_Problem statement_.
Apart from the pictures, print the data below exactly as given.
=== The input ===
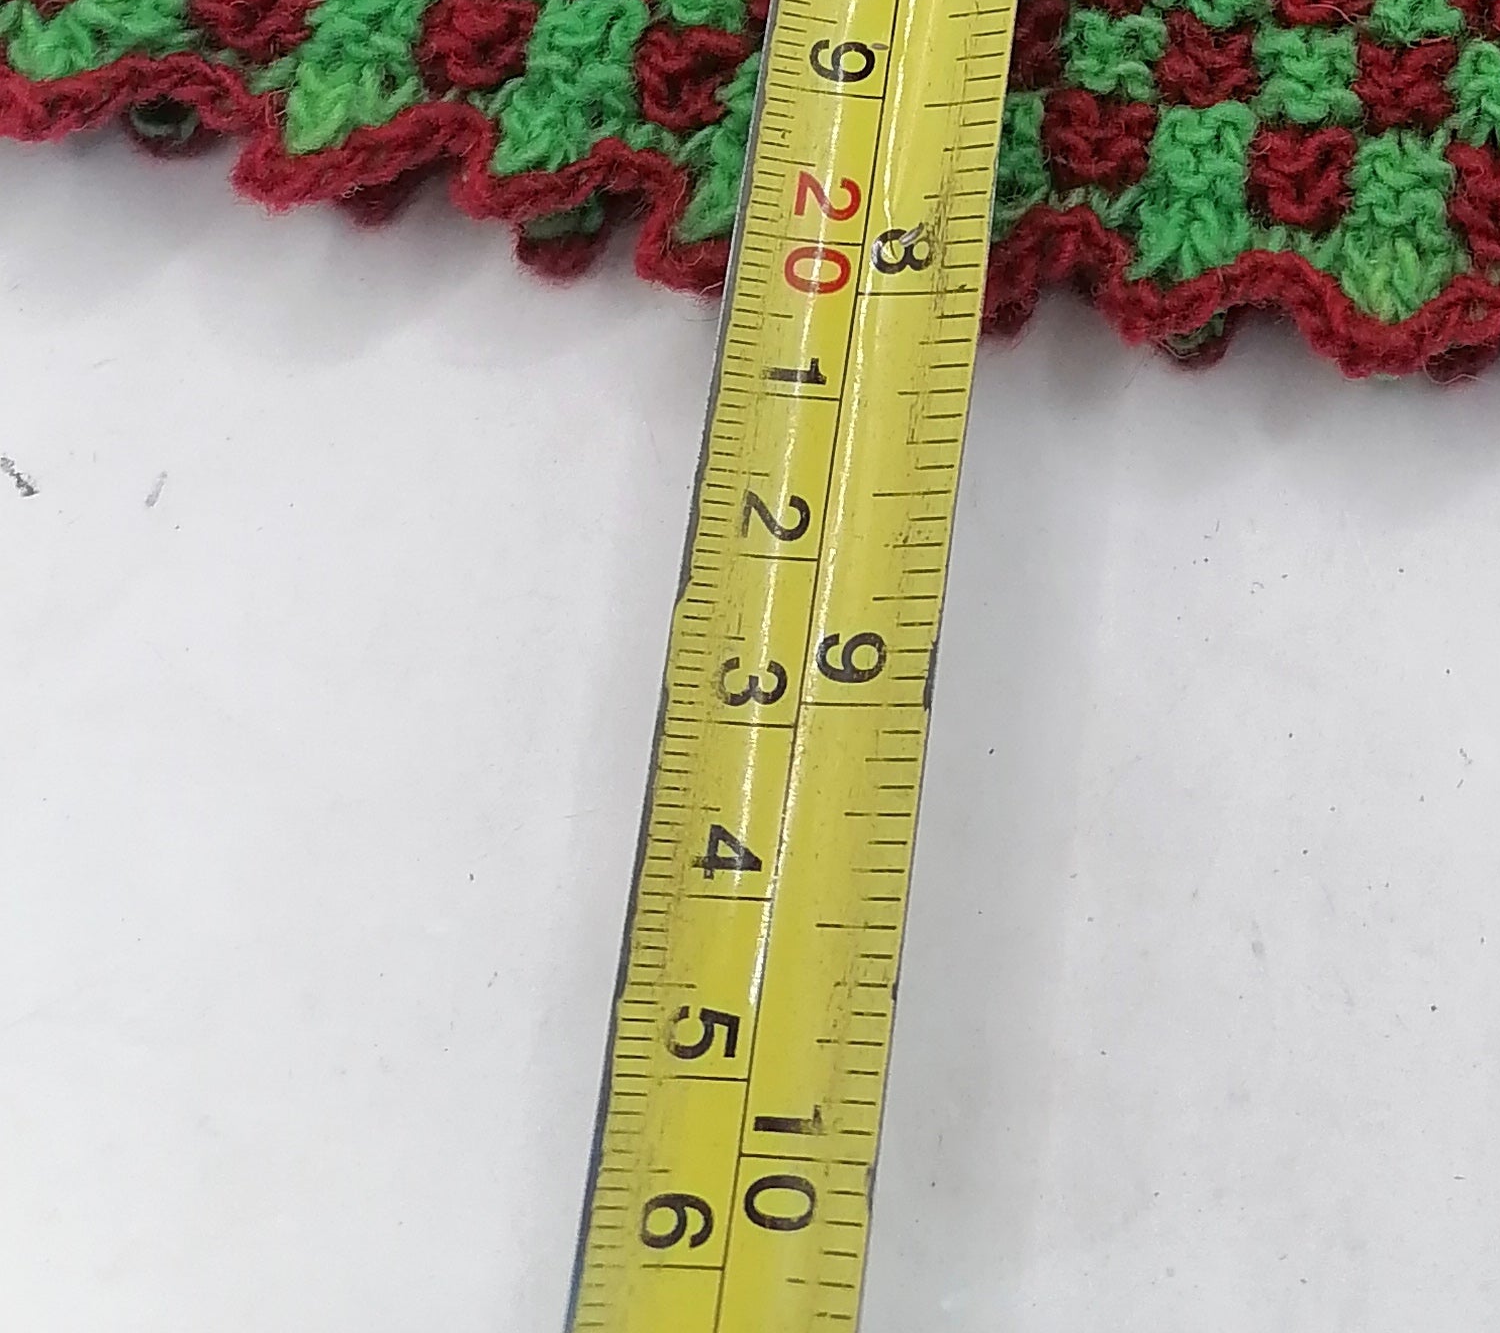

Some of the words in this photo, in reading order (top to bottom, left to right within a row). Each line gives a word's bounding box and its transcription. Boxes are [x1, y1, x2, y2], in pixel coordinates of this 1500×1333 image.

[809, 39, 876, 83] 9
[783, 169, 861, 295] 20
[870, 228, 931, 275] 8
[763, 357, 828, 386] 1
[742, 490, 811, 542] 2
[717, 656, 788, 706] 3
[816, 631, 887, 684] 9
[693, 823, 763, 879] 4
[665, 1004, 741, 1060] 5
[743, 1104, 822, 1232] 10
[641, 1191, 714, 1250] 6
===
_Response_.
Some of the words in this photo, in reading order (top to bottom, left to right within a row). Each line gives a word's bounding box and its transcription. Boxes are [x1, y1, x2, y2], in pixel coordinates of this 1500×1333 image.

[809, 39, 876, 83] 9
[783, 169, 861, 295] 20
[870, 228, 931, 275] 8
[763, 357, 828, 386] 1
[742, 490, 811, 542] 2
[717, 656, 788, 706] 3
[816, 631, 887, 684] 9
[693, 823, 763, 879] 4
[665, 1004, 741, 1060] 5
[743, 1104, 822, 1232] 10
[641, 1191, 714, 1250] 6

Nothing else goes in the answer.